HENING YANG BERKABUT.

10.7K 1K 38
                                    


Hening yang berkabut
Saat engkau tak lagi memicu kemelut.
Hening yang berkabut
Dari pria yang masih saja pengecut.

(Schatje, aprilwriters)

***

"Karenina pamit pulang dulu, Om, Tante, Elita." Perempuan itu tersenyum menatap mereka semua, sekarang sudah pukul sembilan dan jam besuk benar-benar dibatasi. Mereka sudah bercerita panjang lebar, saling bernostalgia dan melempar tawa hingga ruangan itu terkesan hidup dalam sekejap, membuat tembok-tembok yang membatasi ruangan satu serta lainnya lebih berwarna.

Tidak ada Denial di sana, ia tak lagi kembali usai keluar terakhir kali, tapi anggota keluarga lain seolah tak merasa kehilangan atas ketiadaan laki-laki itu setelah kehadiran Karenina membawa suasana baru.

"Hati-hati di jalan, Kak," ucap Elita, ia merangkul Karenina seraya sandarkan kepala di dada perempuan itu, bukan hal aneh saat Elita melakukan hal serupa tiap kali bertemu Karenina, ia selalu anggap Karenina adalah kakak sendiri. Jika saja ia boleh menukar salah satu kakak laki-lakinya, mungkin Denial yang akan diajukan, sebab kalau Elang sudah menikah.

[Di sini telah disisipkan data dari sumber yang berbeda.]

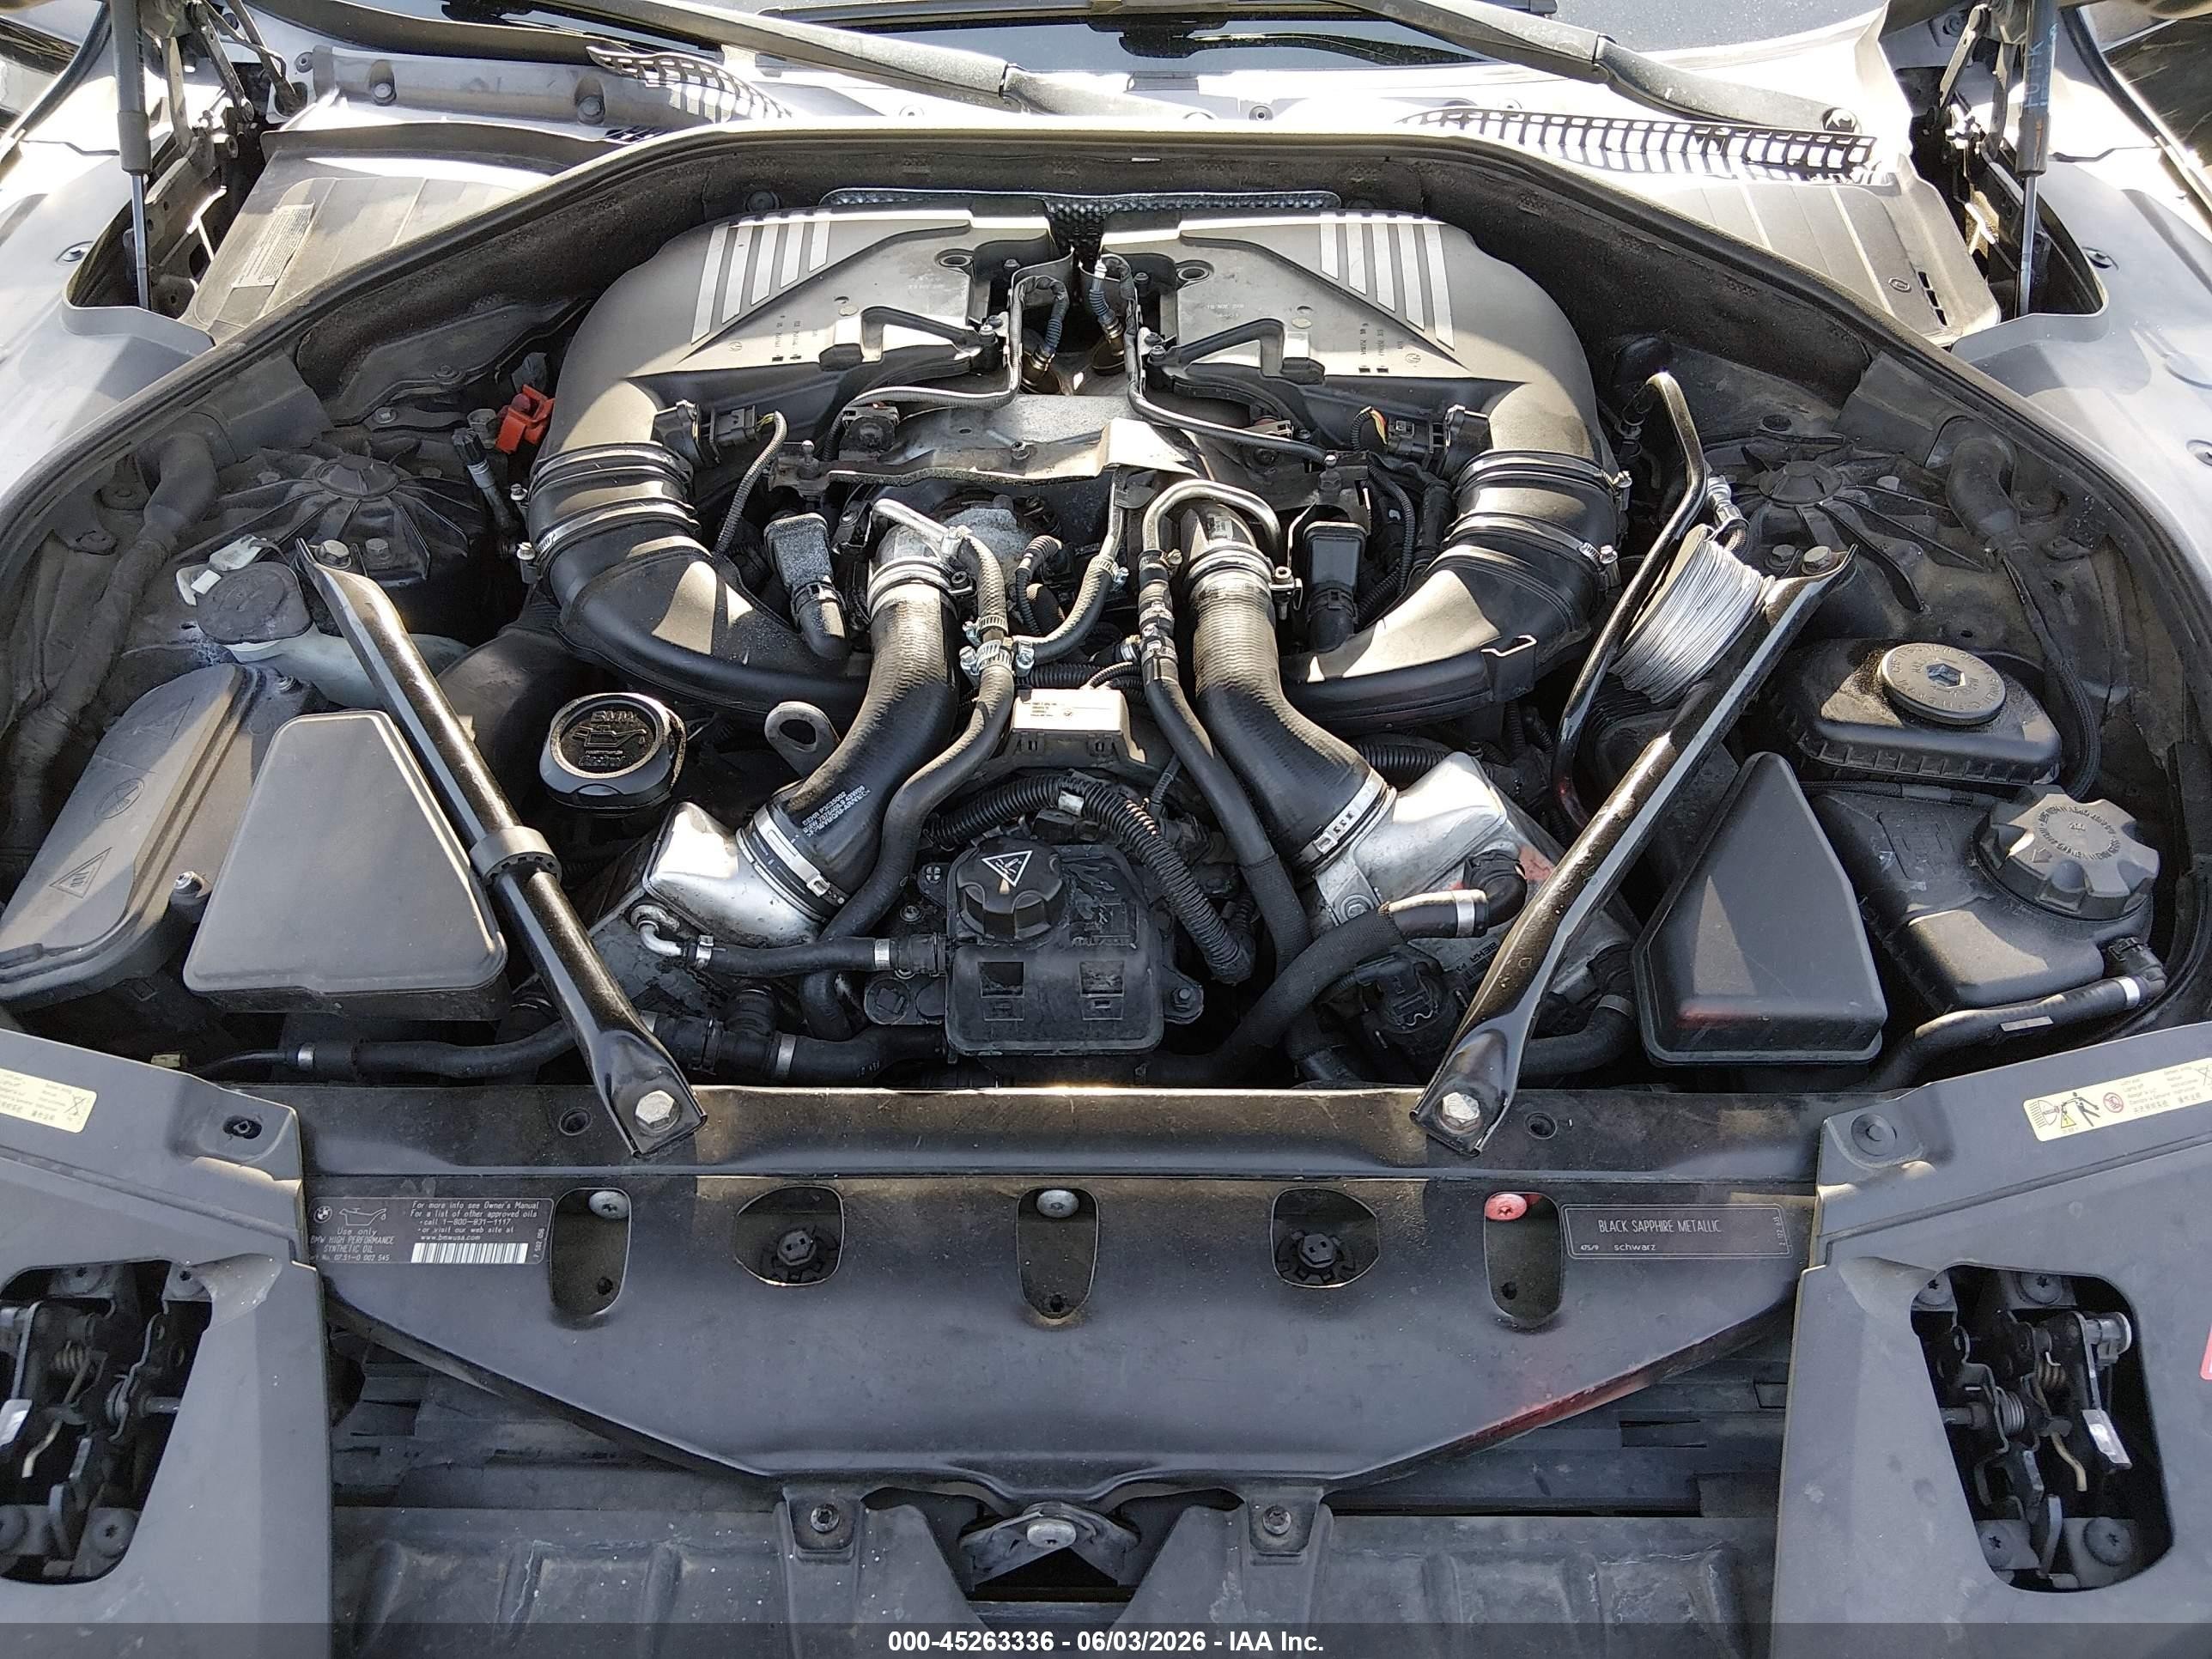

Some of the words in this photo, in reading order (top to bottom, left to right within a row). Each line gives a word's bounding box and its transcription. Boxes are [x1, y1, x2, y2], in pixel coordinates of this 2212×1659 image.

[1470, 941, 1498, 963] BEHR
[412, 1200, 424, 1209] For
[483, 1200, 511, 1209] Owner's
[515, 1200, 539, 1209] Manual
[410, 1208, 422, 1217] For
[435, 1209, 448, 1218] list
[452, 1209, 461, 1218] of
[464, 1209, 483, 1218] other
[487, 1209, 520, 1218] approved
[522, 1209, 538, 1218] oils
[1598, 1219, 1629, 1233] BLACK
[1632, 1219, 1674, 1233] SAPPHIRE
[1677, 1219, 1723, 1233] METALLIC
[357, 1227, 378, 1237] only
[1613, 1243, 1656, 1251] schwarz

"Iya, kamu juga. Belajar yang rajin, udah kelas dua belas, kan. Biar bisa lolos PTN." Karenina mengusapi punggung Elita. "Jangan pacaran terus."

"Ih, aku enggak pacaran kok, dekat sama cowok aja enggak. Mereka takut, kan aku jago karate."

"Baguslah, bisa jaga diri. Kakak pamit pulang, ya."

Elita terpaksa melepas pelukannya, ada ekspresi sendu yang wakili rasa tak rela saat harus berpisah dengan Karenina.

"Hati-hati di jalan, ya, Karen," ucap Anne yang masih duduk di samping Zian, pria di sebelahnya ikut menggangguk seraya tersenyum tatap Karenina.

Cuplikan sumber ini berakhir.